As was said in the former case, if we could regard this as reasoning, it would not prove the conclusion, but only, that the arc is some function or other of the radii.
Hegel indeed offers (t) a reason why there must be an arc involved. This arises, he says, from "the determinateness [of the nature of motion], at one while as time in the root, at another while as space in the square. But here the quadratic character of the space is, by the returning of the line of motion into itself, limited to a sector."
Probably my readers have had a sufficient specimen of Hegel's mode of dealing with these matters.

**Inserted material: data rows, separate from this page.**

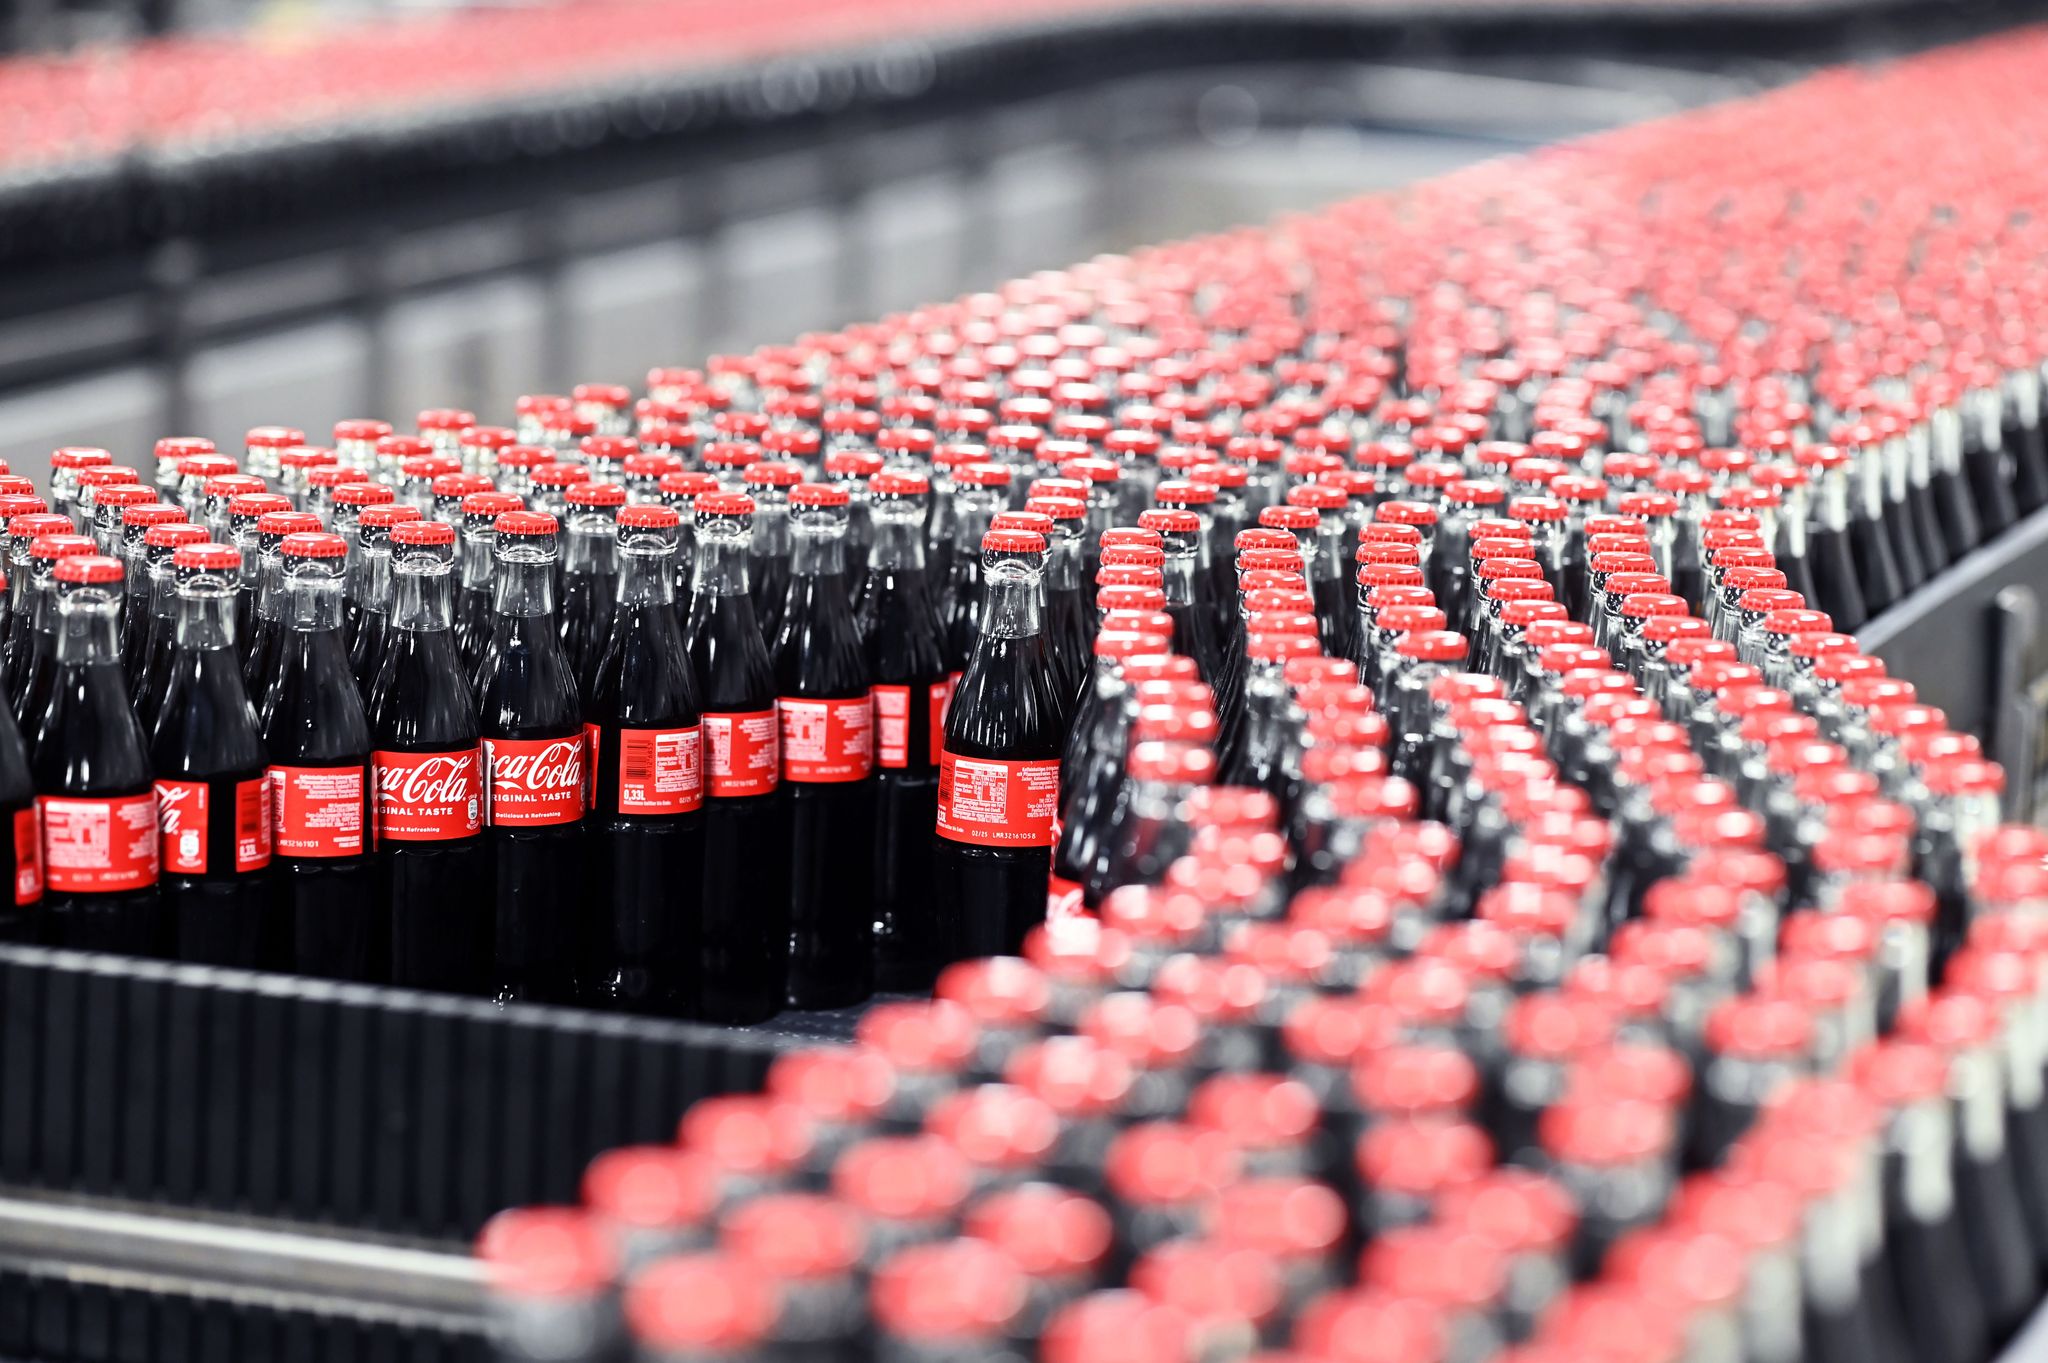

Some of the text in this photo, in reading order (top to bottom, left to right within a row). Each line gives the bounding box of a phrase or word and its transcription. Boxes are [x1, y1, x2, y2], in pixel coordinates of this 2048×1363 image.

[491, 740, 584, 790] ca-Cola
[541, 791, 572, 802] TASTE
[623, 789, 646, 801] 0,33L
[418, 807, 454, 816] TASTE
[495, 811, 524, 819] Delicious
[530, 811, 562, 819] Refreshing
[971, 830, 1037, 840] 02/25 LMR32161058

I will however add his proof of Kepler's third law, that the cubes of the distances are as the squares of the times.
Hegel's proof in this case (u) has a reference to a previous doctrine concerning falling bodies, in which time and space have, he says, a relation to each other as root and square. Falling bodies however are the case of only half-free motion, and the determination is incomplete.
"But in the case of absolute motion, the domain of free masses, the determination attains its totality. The time as the root is a mere empirical magnitude: but as a component of the developed Totality, it is a Totality in itself: it produces itself, and therein has a reference to itself. And in this process, Time, being itself the dimensionless element, only comes to a formal identity with itself and reaches the square: Space, on the other hand, as a positive external relation, comes to the full dimensions of the conception of space, that is, the cube. The Realization of the two conceptions (space and time) preserves their original difference. This is the third Keplerian law, the relation of the Cubes of the distances to the squares of the times."
"And this," he adds, (v) with remarkable complacency, "represents simply and immediately the reason of the thing:—while on the contrary, the Newtonian Formula, by means of which the Law is changed into a Law for the Force of Gravity, shows the distortion and inversion of Reflexion, which stops half-way."
I am not able to assign any precise meaning to the Reflexion, which is here used as a term of condemnation, applicable especially to the Newtonian doctrine. It is repeatedly applied in the same manner by Hegel. Thus he says, (g) "that what Kepler expresses in a simple and sublime manner in the form of Laws of the Celestial Motions, Newton has metamorphosed into the Reflexion-Form of the Force of Gravitation."
Though Hegel thus denies Newton all merit with regard to the explanation of Kepler's laws by means of the gravitation of the planets to the sun, he allows that to the Keplerian Laws Newton added the Principle of Perturbations (k). This Principle he accepts to a certain extent, transforming the expression of it after his peculiar fashion. "It lies," he says, (l) "in this: that matter in general assigns a center for itself: the collective bodies of the system recognise a reference to their sun, and all the individual bodies, according to the relative positions into which they are brought by their motions, form a momentary relation of their gravity towards each other."
This must appear to us a very loose and insufficient way of stating the Principle of Perturbations, but loose as it is, it recognises that the Perturbations depend upon the gravity of the planets one to another, and to the sun. And if the Perturbations depend upon these forces, one can hardly suppose that any one who allows this will deny that the primary undisturbed motions depend upon these forces, and must be explained by means of them; yet this is what Hegel denies.